Este estructurante originario, fuente de lo que se da cada vez como sentido indiscutible

e indiscutido, soporte de las articulaciones de lo que importa y de lo que no importa,

origen del exceso de ser de los objetos de inversión práctica, afectiva e intelectual, así

como individual y colectiva, este elemento no es otra cosa que lo imaginario de la

sociedad. “La historia es imposible e inconcebible fuera de la imaginación productiva

o creadora, de lo que hemos llamado lo imaginario radical tal como se manifiesta a la

vez e indisolublemente en el hacer histórico, y en la constitución, antes de toda

racionalidad explícita, de un universo de significaciones” (5). En esta línea de

argumentación, Castoriadis afirma que “la sociedad no es un conjunto, ni un sistema o

jerarquía de conjuntos (o de estructuras). La sociedad es magma y magma de

magmas” (6) . La institución sociedad está hecha de múltiples instituciones particulares, no

siempre compatibles entre ellas. Tal urdimbre de instituciones son, tienen existencia

social, por encarnar ese magma de significaciones imaginarias sociales (7.) Semejantes

significaciones son, por ejemplo, espíritus, dioses, Dios, polis, ciudadano, nación,

estado, partido, mercancía, dinero, capital, tasas de interés, tabú, virtud, pecado, etc. Las

cosas sociales son lo que son gracias a las significaciones que figuran, inmediata o

mediatamente, directa o indirectamente. Y, recíprocamente, las significaciones

imaginarias sociales están en y por las “cosas” –objetos e individuos- que las

presentifican y las figuran. Sólo pueden tener existencia mediante su “encarnación”, su

“inscripción”, su presentación y figuración en y por una red de individuos y objetos que

ellas “informan”. Sólo así la institución de la sociedad es lo que es y tal como es en la

medida en que “materializa” un magma de significaciones imaginarias sociales, en

referencia al cual y sólo en referencia al cual, tanto los individuos como los objetos

pueden ser aprehendidos o pueden simplemente existir.
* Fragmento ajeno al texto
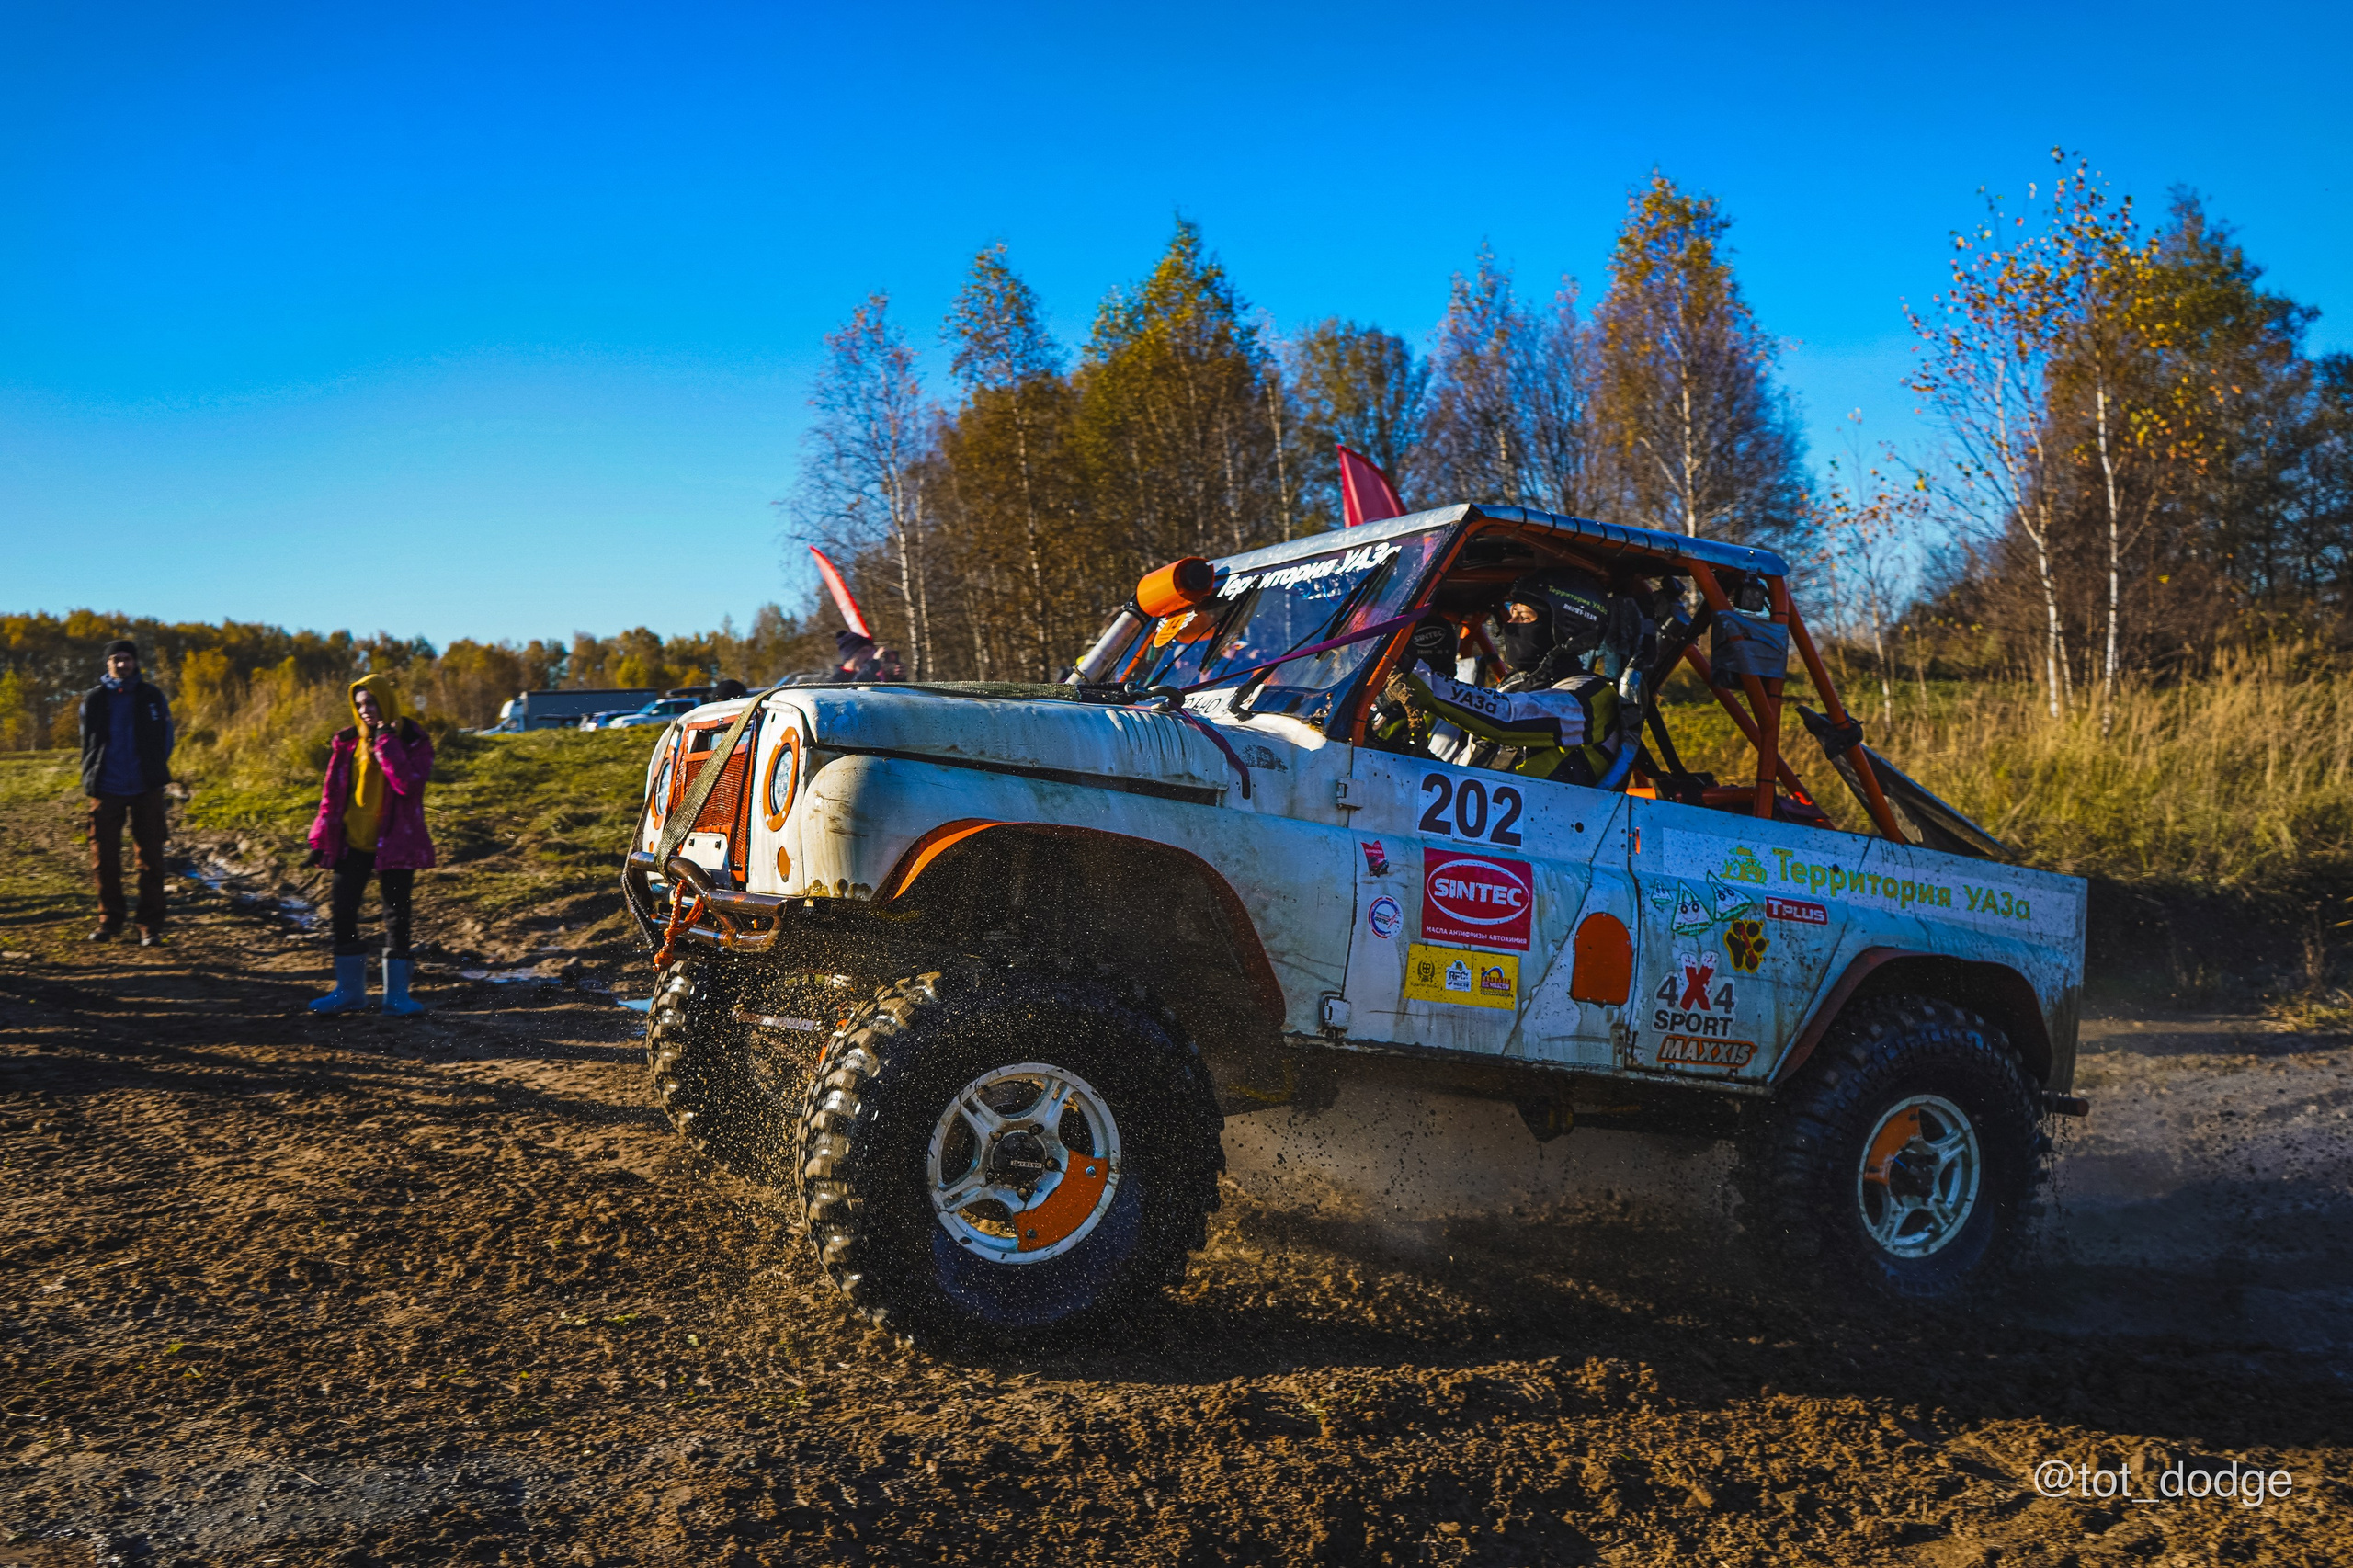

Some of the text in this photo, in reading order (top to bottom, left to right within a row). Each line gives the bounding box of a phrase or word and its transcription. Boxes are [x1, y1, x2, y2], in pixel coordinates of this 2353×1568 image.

[1217, 559, 1338, 600] Територия
[1450, 686, 1497, 714] УАЗа
[1418, 773, 1523, 846] 202
[1434, 878, 1522, 907] SINTEC
[1772, 847, 2030, 920] Территория УАЗа
[1768, 899, 1825, 922] TPLUS
[1426, 926, 1528, 945] МАСЛА АНТИФРИЗЫ АВТОХИМИЯ
[1654, 1009, 1733, 1037] SPORT
[1661, 1039, 1751, 1065] MAXXIS
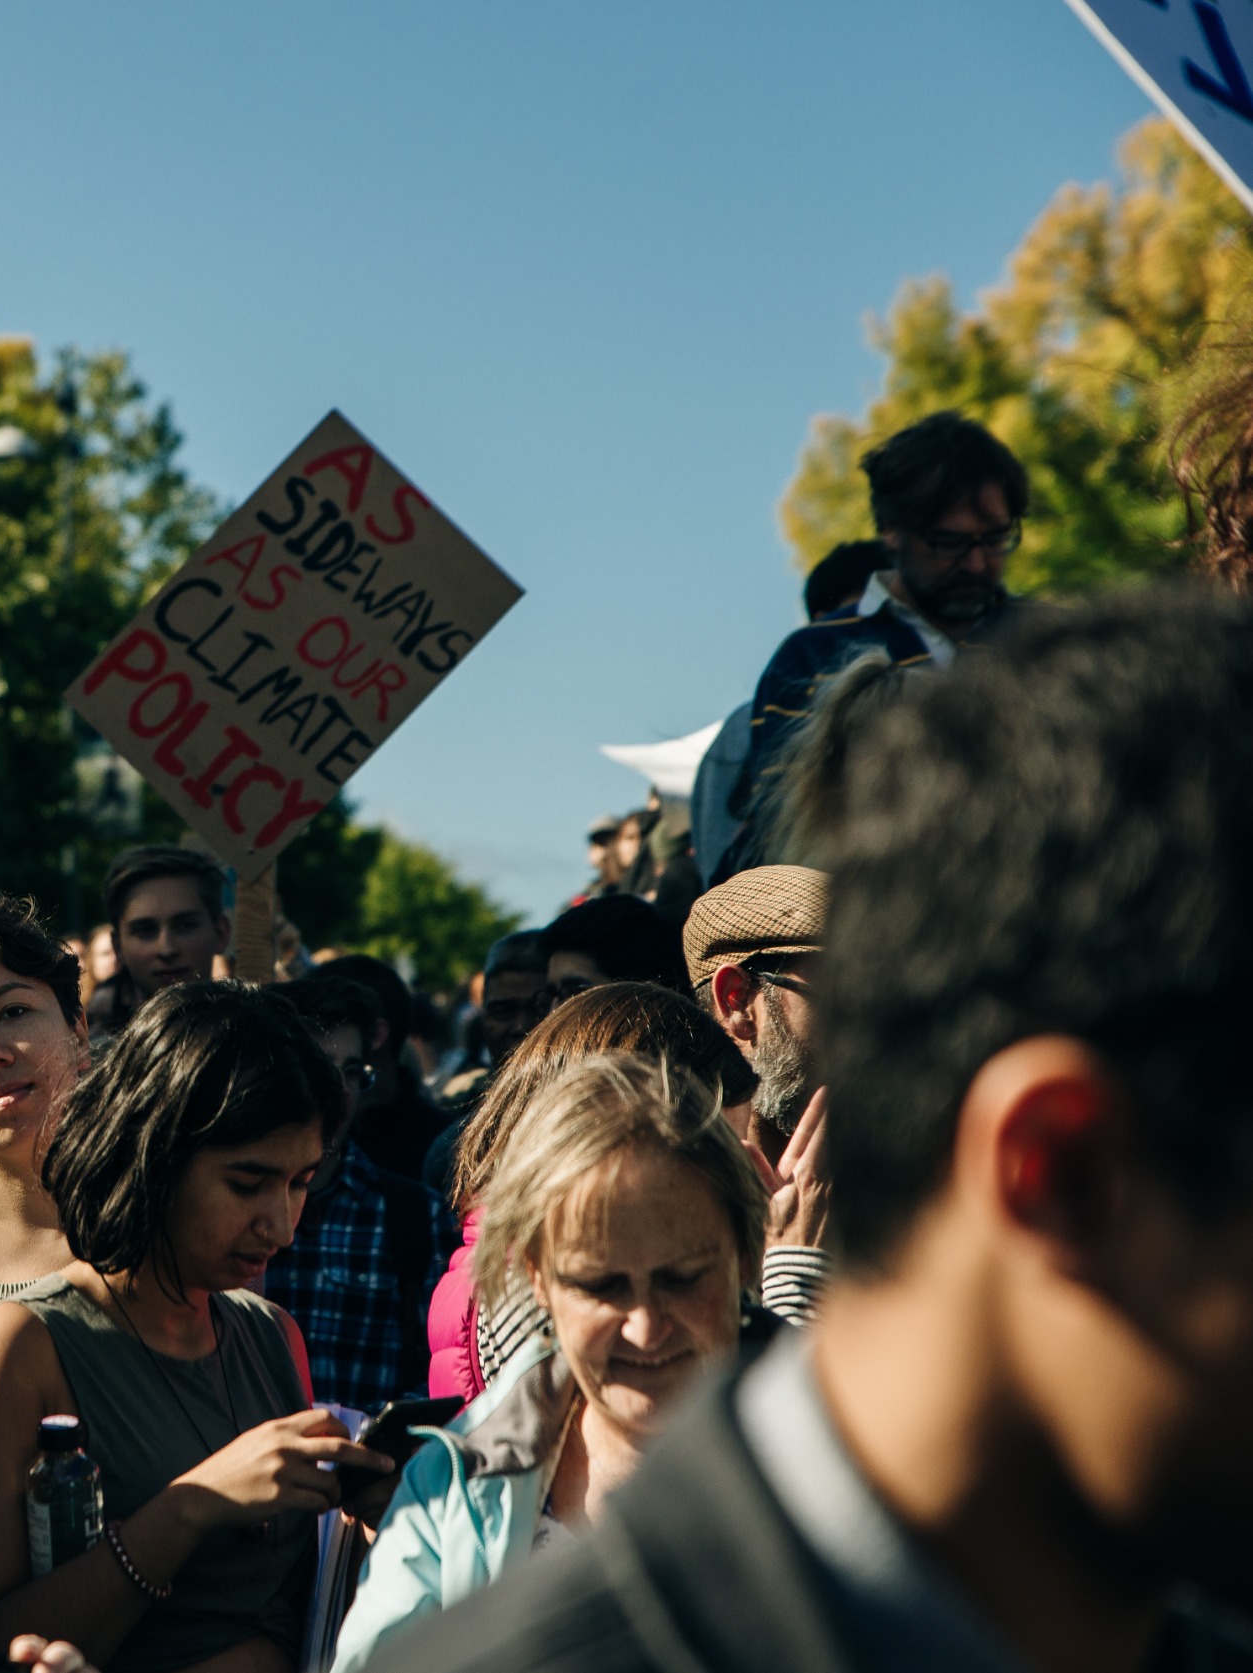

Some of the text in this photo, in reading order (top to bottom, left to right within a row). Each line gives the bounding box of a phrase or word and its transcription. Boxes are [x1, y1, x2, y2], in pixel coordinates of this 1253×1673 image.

Lo imaginario social existe como un hacer/representar lo histórico-social. La forma en

que consigue ese despliegue de lo histórico-social no es otra que a través de la

institución de las “condiciones instrumentales” del hacer (teukhein) y del representar

(legein). No obstante, lo imaginario es irreductible a tales “condiciones instrumentales”,

es, valga la redundancia, la condición incondicionada de tales “condiciones”. A través

de la representación se presenta la imaginación radical. El flujo representativo es, se

hace, como autoalteración, emergencia incesante de otro en y por la posición de

imágenes y figuras, puesta en imágenes que desarrolla, da existencia o actualiza,

constantemente, lo que aparece al análisis reflexivo retrospectivamente como sus

condiciones de posibilidad preexistentes: temporalización, espacialización,

diferenciación, alteración. La autoalteración perpetua de la sociedad es su ser mismo,

que se manifiesta por la posición de formas-figuras relativamente fijas y estables y por

el estallido de estas formas-figuras que jamás pueden ser otra cosa que posición-

creación de otras formas-figuras. Por tanto, nunca debemos pensar que las

significaciones imaginarias son dadas ab origene, in hilo tempore, por Dios o por la

naturareza o por el rey, y que permanecen inmutables determinando el curso de lo

social-histórico desde fuera; es más bien lo social-histórico como auto-alteración, como

devenir, como cambio, el que engendra todo el proceso de metamorfosis, de

historicidad, de las significaciones imaginarias sociales. Así, el Prometeo de Esquilo se

transforma en el Fausto de Goethe y Mann y este en el Ulrich (“hombre sin atributos”)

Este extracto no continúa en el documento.